The camera pulls further out: out above the cafe, above the City of Bath and beyond the Earth. With the lid of the box in one hand, his mouthorgan in the other, with the dexterity of a being of great skill the gremlin pushes each of those images back inside the box. He turns to the camera, gives a wink, a sigh and a shrug and says simply, ‘Welcome to Danland’. [Blackout] And... CUT! Hmmm... Okay... Sorry about that.

And... CU

T!


And so, there it is: my imaginary trailer for a movie concept so absurd that the mere mention of such a thing almost invokes in me a snivelling mess of lunacy, not to mention its inevitable resignation to the limits of the normalities of the mass populace.
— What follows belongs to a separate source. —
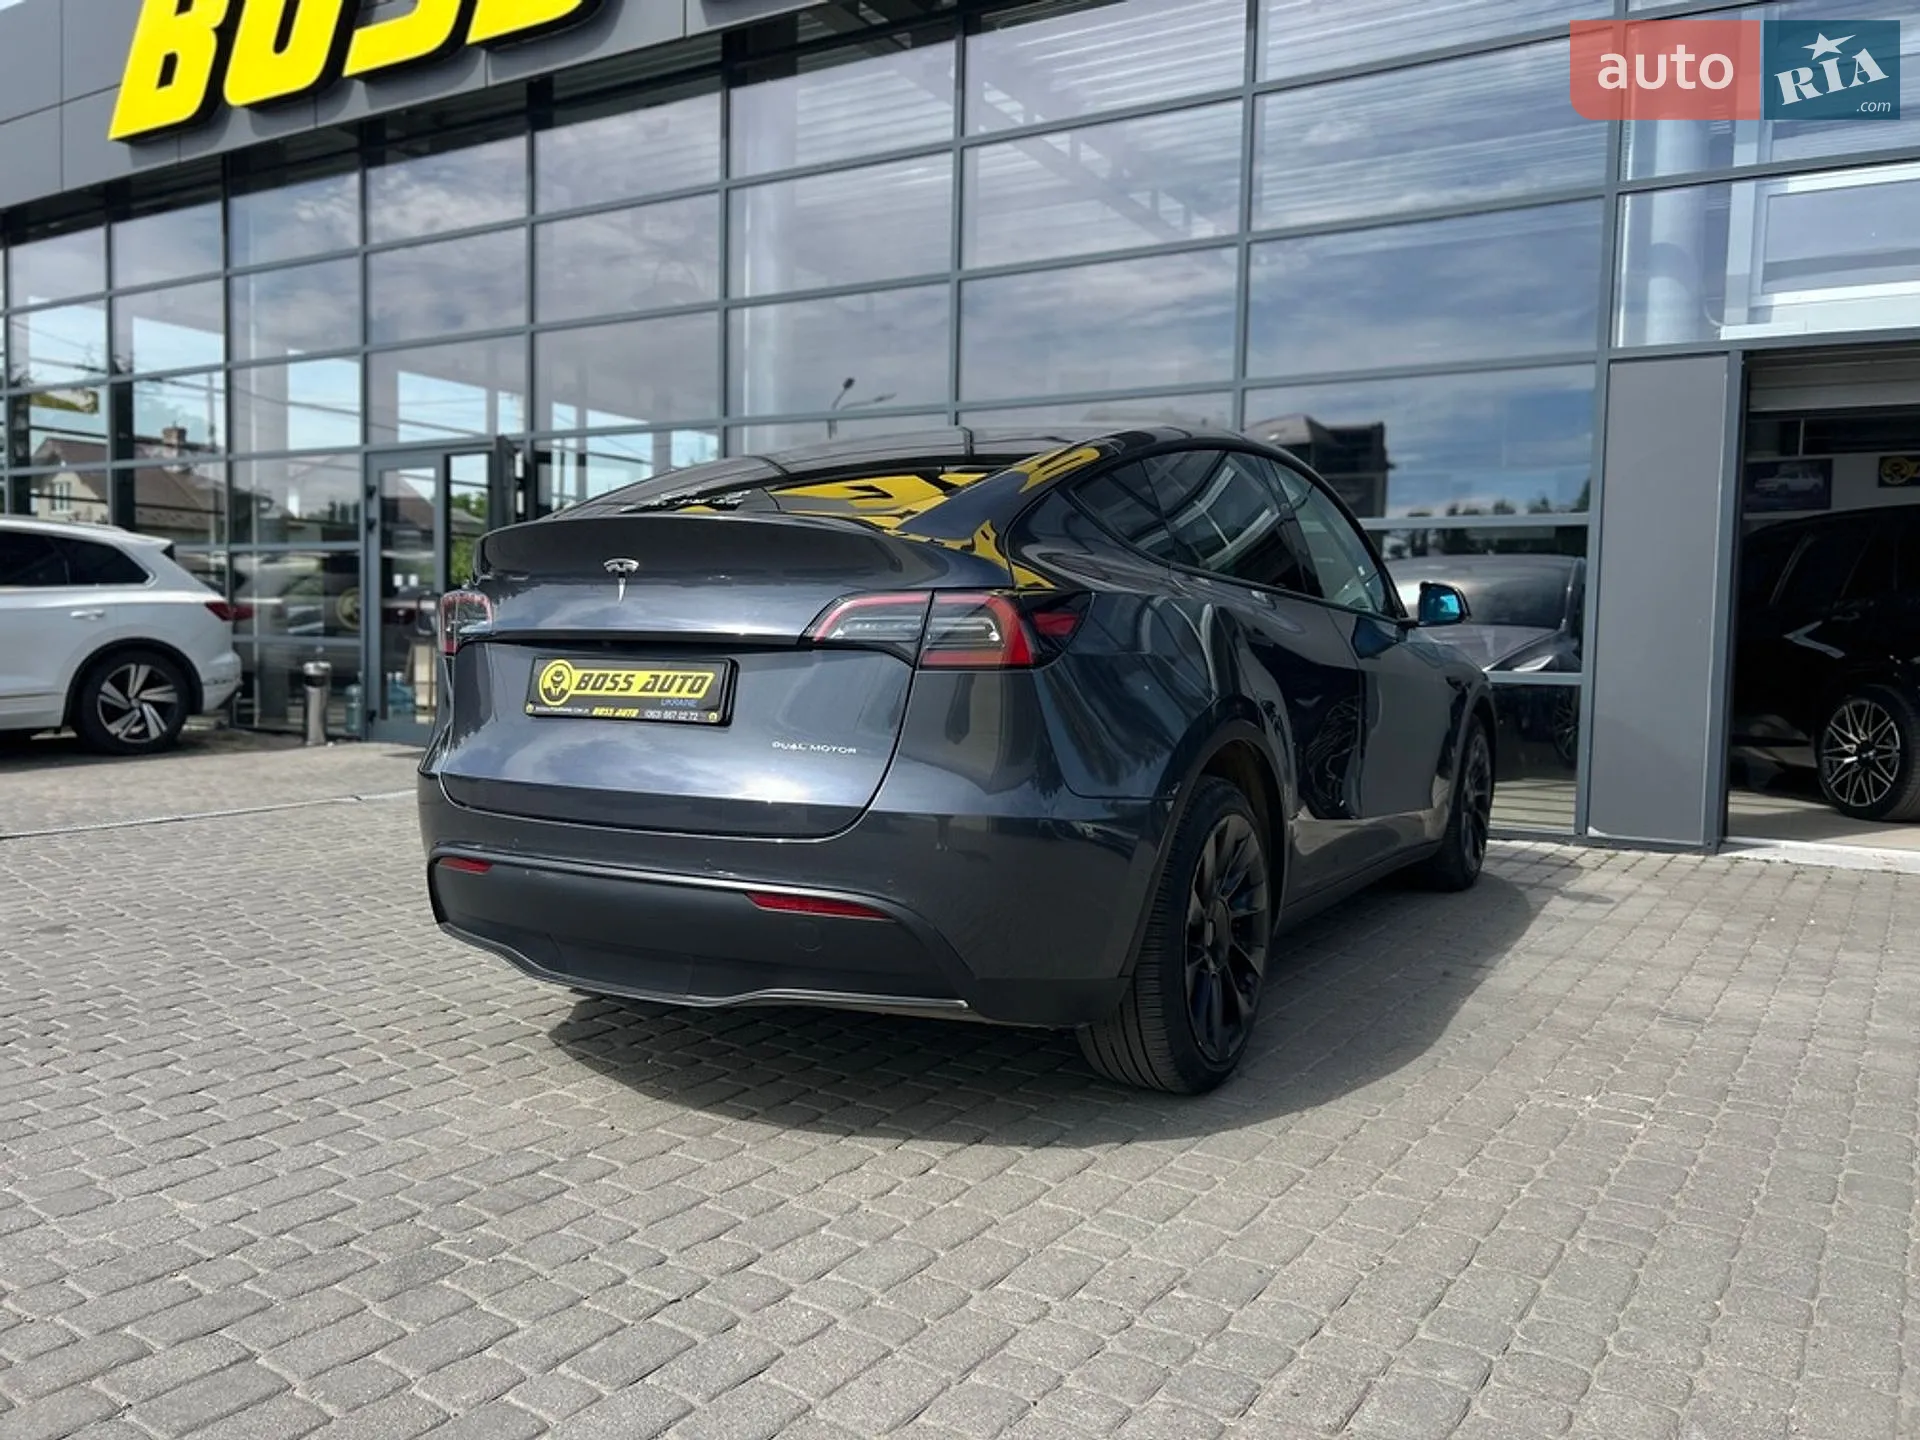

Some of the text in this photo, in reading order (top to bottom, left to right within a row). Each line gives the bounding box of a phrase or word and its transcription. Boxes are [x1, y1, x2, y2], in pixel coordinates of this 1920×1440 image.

[574, 672, 710, 694] BOSS AUTO
[772, 741, 856, 754] DUAL MOTOR
At least it’s given me a few minutes of preoccupation which, perhaps you: my solitary reader (nay, bored sociopath with frequent, uncontrollable masochistic urges to read gibberish and shite) may find of interest. You may be inclined, on the basis of what you’ve read in these pages, to draw the conclusion that this is absolute nonsense; that this is, in fact, a work of complete fiction. It would of course be a fair conclusion to draw were it not for the fact that everything within is actually, to all intents and purposes, true. Welcome to Danland. Welcome to No stranger to the P45. And please, help yourself to a doughnut.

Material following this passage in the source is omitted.